* [What you need to do]: All the data beneath this line is to be reproduced exactly.

[Free-text object descriptions]
────────────────────

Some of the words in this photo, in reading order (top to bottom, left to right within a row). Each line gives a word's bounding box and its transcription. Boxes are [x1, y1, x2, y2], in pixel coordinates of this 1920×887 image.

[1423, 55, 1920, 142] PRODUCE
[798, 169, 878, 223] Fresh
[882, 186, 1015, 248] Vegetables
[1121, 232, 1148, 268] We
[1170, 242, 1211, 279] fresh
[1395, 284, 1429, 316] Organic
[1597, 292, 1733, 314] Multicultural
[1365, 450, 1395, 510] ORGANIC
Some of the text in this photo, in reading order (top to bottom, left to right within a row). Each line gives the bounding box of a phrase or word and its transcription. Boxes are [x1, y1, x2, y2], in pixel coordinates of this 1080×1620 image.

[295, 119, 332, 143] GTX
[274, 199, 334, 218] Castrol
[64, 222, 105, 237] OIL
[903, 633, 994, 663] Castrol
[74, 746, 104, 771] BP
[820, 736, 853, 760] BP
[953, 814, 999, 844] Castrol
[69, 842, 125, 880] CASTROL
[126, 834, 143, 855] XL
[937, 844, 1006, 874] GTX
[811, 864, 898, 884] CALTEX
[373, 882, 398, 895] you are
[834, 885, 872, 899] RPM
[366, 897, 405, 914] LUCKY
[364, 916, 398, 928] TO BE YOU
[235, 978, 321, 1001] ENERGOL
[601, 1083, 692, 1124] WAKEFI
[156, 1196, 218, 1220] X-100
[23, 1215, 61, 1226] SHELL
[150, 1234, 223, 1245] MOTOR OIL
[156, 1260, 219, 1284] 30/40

────────────────────

* [Solved exercise]:
Some of the words in this photo, in reading order (top to bottom, left to right within a row). Each line gives a word's bounding box and its transcription. Boxes are [x1, y1, x2, y2], in pixel coordinates of this 1920×887 image.

[1423, 55, 1920, 142] PRODUCE
[798, 169, 878, 223] Fresh
[882, 186, 1015, 248] Vegetables
[1121, 232, 1148, 268] We
[1170, 242, 1211, 279] fresh
[1395, 284, 1429, 316] Organic
[1597, 292, 1733, 314] Multicultural
[1365, 450, 1395, 510] ORGANIC
Some of the text in this photo, in reading order (top to bottom, left to right within a row). Each line gives the bounding box of a phrase or word and its transcription. Boxes are [x1, y1, x2, y2], in pixel coordinates of this 1080×1620 image.

[295, 119, 332, 143] GTX
[274, 199, 334, 218] Castrol
[64, 222, 105, 237] OIL
[903, 633, 994, 663] Castrol
[74, 746, 104, 771] BP
[820, 736, 853, 760] BP
[953, 814, 999, 844] Castrol
[69, 842, 125, 880] CASTROL
[126, 834, 143, 855] XL
[937, 844, 1006, 874] GTX
[811, 864, 898, 884] CALTEX
[373, 882, 398, 895] you are
[834, 885, 872, 899] RPM
[366, 897, 405, 914] LUCKY
[364, 916, 398, 928] TO BE YOU
[235, 978, 321, 1001] ENERGOL
[601, 1083, 692, 1124] WAKEFI
[156, 1196, 218, 1220] X-100
[23, 1215, 61, 1226] SHELL
[150, 1234, 223, 1245] MOTOR OIL
[156, 1260, 219, 1284] 30/40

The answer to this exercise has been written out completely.